Por considerarlo de especial importancia reproducimos textualmente un comentario editado por el Períodico Clarín de Argentina.
Una reivindicación al pueblo sefaradí, 520 años después
España anunció que otorgará la nacionalidad a los descendientes de los judíos expulsados en 1492. Hay miles de argentinos que pueden ser beneficiados por la medida. El impacto en la comunidad.
Buenos Aires, 1928. A partir del siglo XX, los sefaradíes llegaron desde Grecia, Damasco y Beirut.
No fue más que otro de los episodios de la saga de persecuciones y resistencias que a través de los siglos debieron enfrentar los judíos en todo el mundo: el 31 de marzo de 1492, los reyes católicos Fernando e Isabel firmaron en Granada el edicto de expulsión de España de todos los hijos de David. Sólo había una opción para evitarla: convertirse al catolicismo.
Aquella dolorosa elección entre el exilio y la humillación causó una historia de éxodos, travesías, simulaciones y estrategias de supervivencia religiosa y cultural que, quinientos veinte años después, está a punto de cerrarse sobre sí misma. Bajo un par de burocráticos sellos de la Cancillería y el Ministerio de Justicia, el gobierno de España anunció la semana pasada que le devolverá la ciudadanía española a los descendientes de aquellos desterrados. Miles de ellos viven en Argentina.
Mientras la sombra de la Inquisición se proyectaba sobre Europa, su intérprete en España, Tomás de Torquemada, inspiró el decreto por el cual se establecía un plazo de cuatro meses para “limpiar” de judíos esa tierra.
Muchos partieron hacia la vecina Portugal, porque les permitía mantenerse en contacto con quienes habían aceptado cristianizarse para evitar la hoguera.
El consuelo sirvió de poco: cuatro años después, el rey Manuel I sucumbió a la presión de sus pares españoles y repitió la operación antisemita. Otra vez, a levantar las casas y partir.

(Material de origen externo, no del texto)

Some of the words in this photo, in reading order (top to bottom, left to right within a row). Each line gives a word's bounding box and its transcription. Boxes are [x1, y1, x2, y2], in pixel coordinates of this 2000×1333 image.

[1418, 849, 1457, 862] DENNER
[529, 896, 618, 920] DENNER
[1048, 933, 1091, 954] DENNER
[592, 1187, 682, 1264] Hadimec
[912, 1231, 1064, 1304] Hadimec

O a disimular una identidad ancestral bajo el traslúcido ropaje de un bautismo oportuno, un ajuste en la grafía del apellido o el más conveniente cambio de identidad nominal.

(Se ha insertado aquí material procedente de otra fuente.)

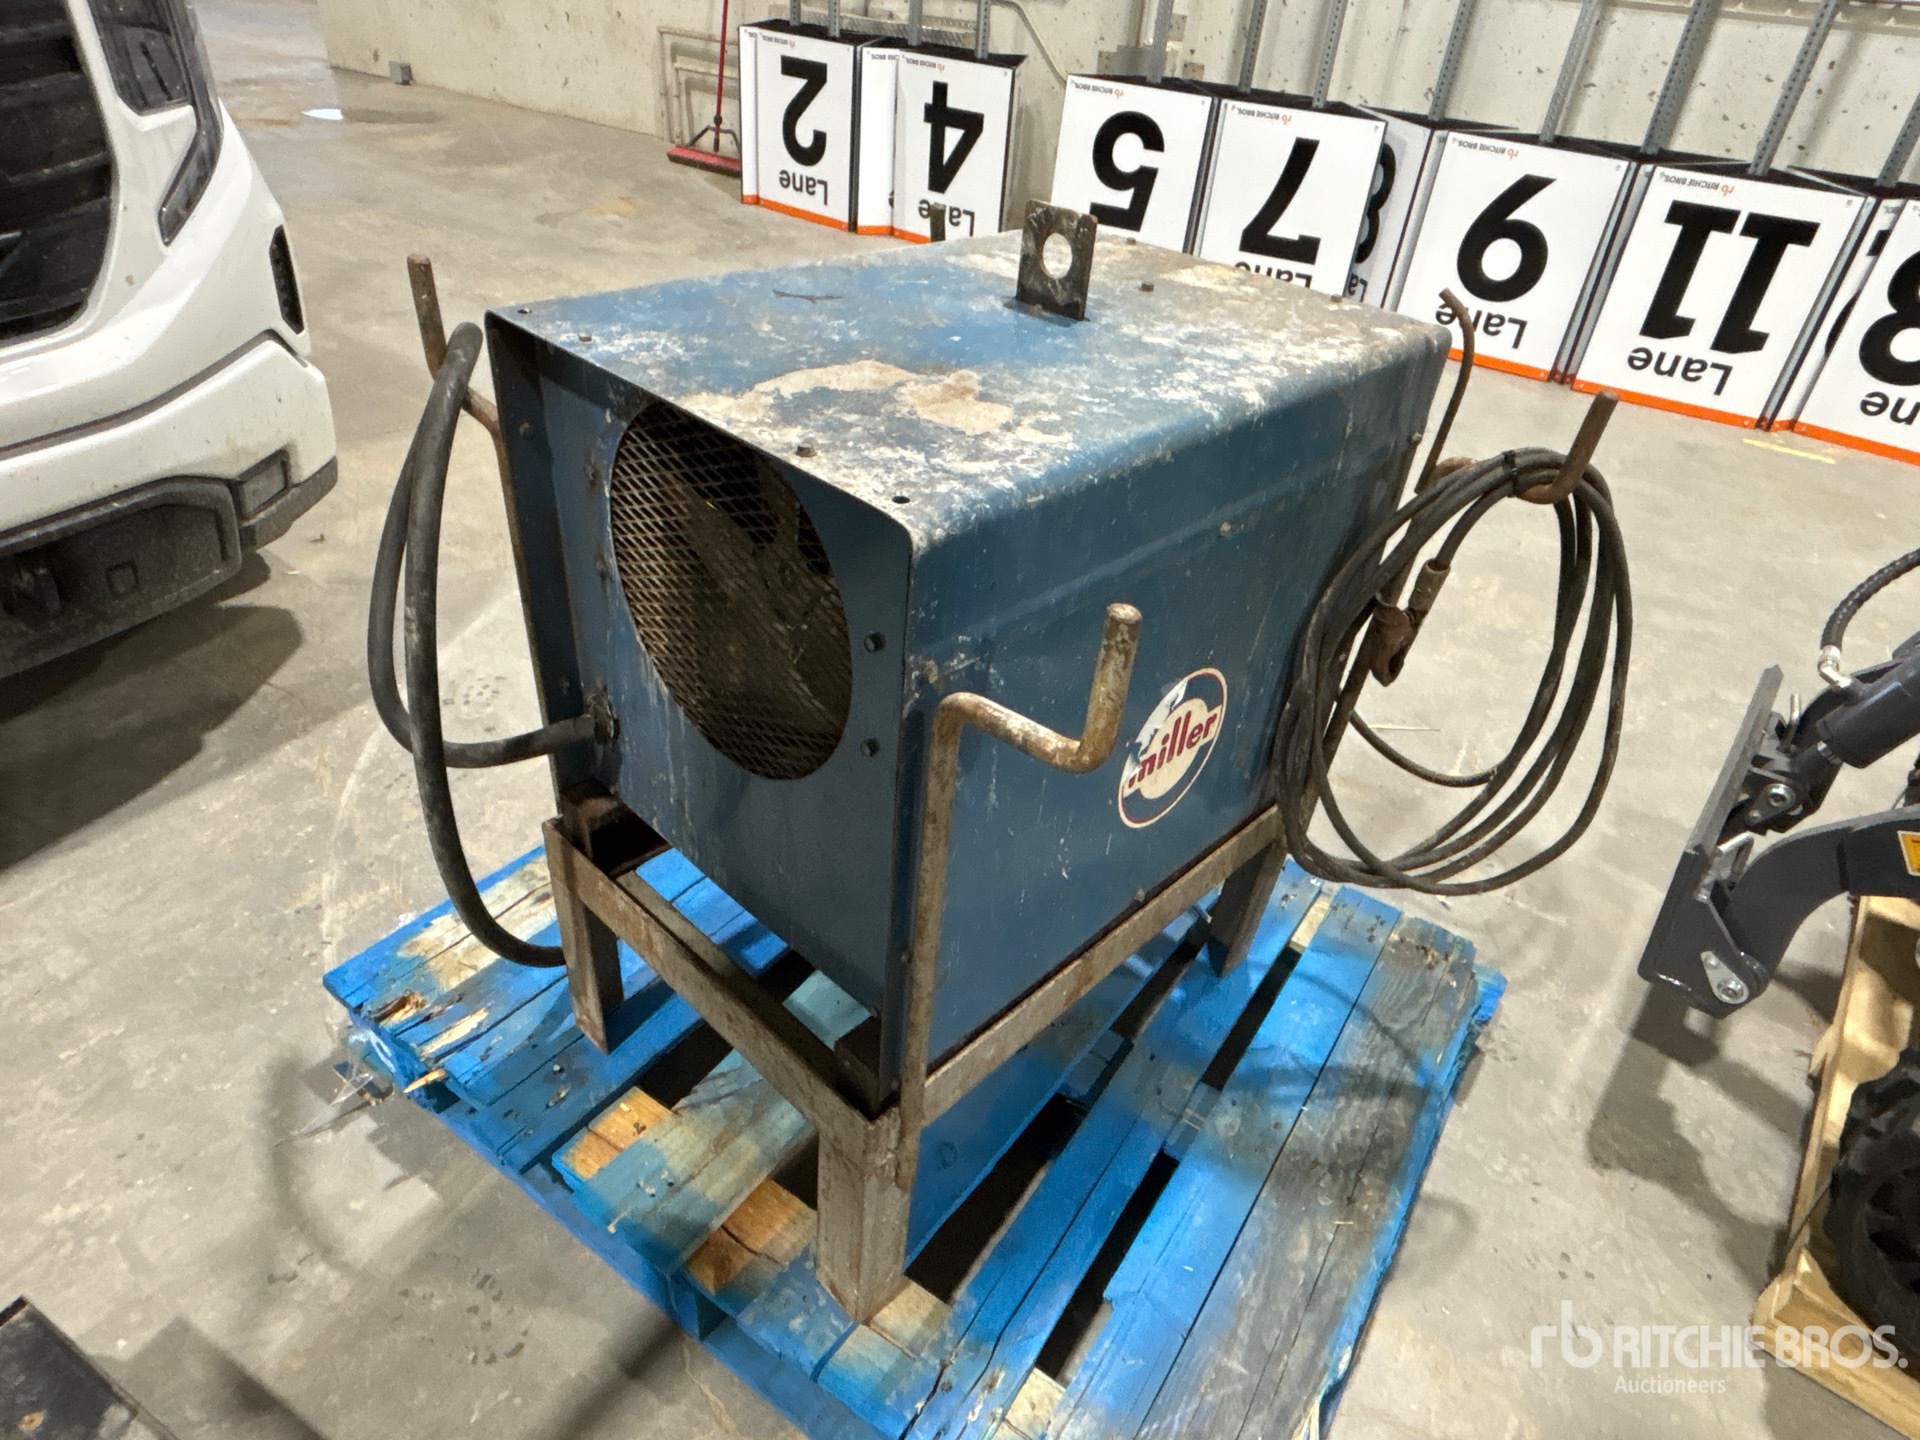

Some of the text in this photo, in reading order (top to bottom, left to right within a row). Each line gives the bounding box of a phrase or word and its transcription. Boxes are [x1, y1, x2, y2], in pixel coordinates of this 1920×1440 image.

[780, 54, 828, 167] 2
[1256, 110, 1280, 121] RITCHIE
[1281, 114, 1292, 126] rb
[923, 80, 985, 195] 4
[1479, 143, 1507, 155] RITCHIE
[1507, 147, 1519, 160] rb
[779, 169, 828, 206] Lane
[1089, 110, 1165, 233] 5
[1687, 178, 1721, 191] RITCHIE
[1239, 136, 1321, 266] 7
[1721, 184, 1735, 197] rb
[918, 198, 976, 237] Lae
[1456, 173, 1557, 303] 9
[1348, 272, 1368, 303] La
[1638, 199, 1821, 355] 11
[1627, 346, 1734, 397] Lane
[1860, 390, 1920, 426] ne

Los “judíos conversos” –como los llamaron algunos historiadores– es el título de la exhaustiva investigación del argentino Mario Javier Saban.
En ella se dilucida el camino que llevó a decenas de judíos a mezclarse entre los adelantados y conquistadores de América para licuar las sospechas en su contra, o para mantener viva la llama de su fe lejos del huracán inquisidor. Fue una guerra de posiciones, regada de desconfianzas y traiciones.

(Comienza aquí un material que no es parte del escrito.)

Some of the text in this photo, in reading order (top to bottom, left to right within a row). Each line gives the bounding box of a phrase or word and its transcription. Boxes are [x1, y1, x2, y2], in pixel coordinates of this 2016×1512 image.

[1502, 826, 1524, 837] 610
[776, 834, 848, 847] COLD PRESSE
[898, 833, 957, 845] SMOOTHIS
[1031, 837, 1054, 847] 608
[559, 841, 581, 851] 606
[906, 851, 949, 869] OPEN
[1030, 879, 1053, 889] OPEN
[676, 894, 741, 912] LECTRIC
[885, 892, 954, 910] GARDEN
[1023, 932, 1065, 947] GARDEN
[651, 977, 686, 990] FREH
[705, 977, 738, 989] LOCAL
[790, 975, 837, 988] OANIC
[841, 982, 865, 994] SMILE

En 1580, el portugués Pedro Díaz participa de la segunda fundación de Buenos Aires. Dos años después, fray Francisco de Vitoria, obispo de Tucumán, es denunciado como judaizante: sobre él pesa la duda de que su conversión no fue sincera. La misma duda arrastraba su primo Martín Hernández, hasta que se disipó en el crepitar de una hoguera. Más portugueses sospechosos llegan a Buenos Aires: comerciantes, banqueros y sobre todo médicos. De los primeros 25 que tuvo la ciudad la mitad eran judíos mal disimulados.
Hernando de Lerma, el fundador de Salta, terminó sus días en una cárcel de Madrid. ¿Su delito? “Judío”. El fundador de Córdoba, Jerónimo Luis Cabrera, también tenía sangre hebrea en sus venas: El primer banquero fuerte de la colonia, Diego de Vega, emplazó sus principales negocios sudamericanos en Buenos Aires para evitar el frecuente acoso de la Inquisición en Lima. En 1603 se expulsa de la ciudad a todos los “portugueses judaizantes” que habían llegado de Brasil. Pero como muchos estaban casados con hijas de españoles, sortean la deportación.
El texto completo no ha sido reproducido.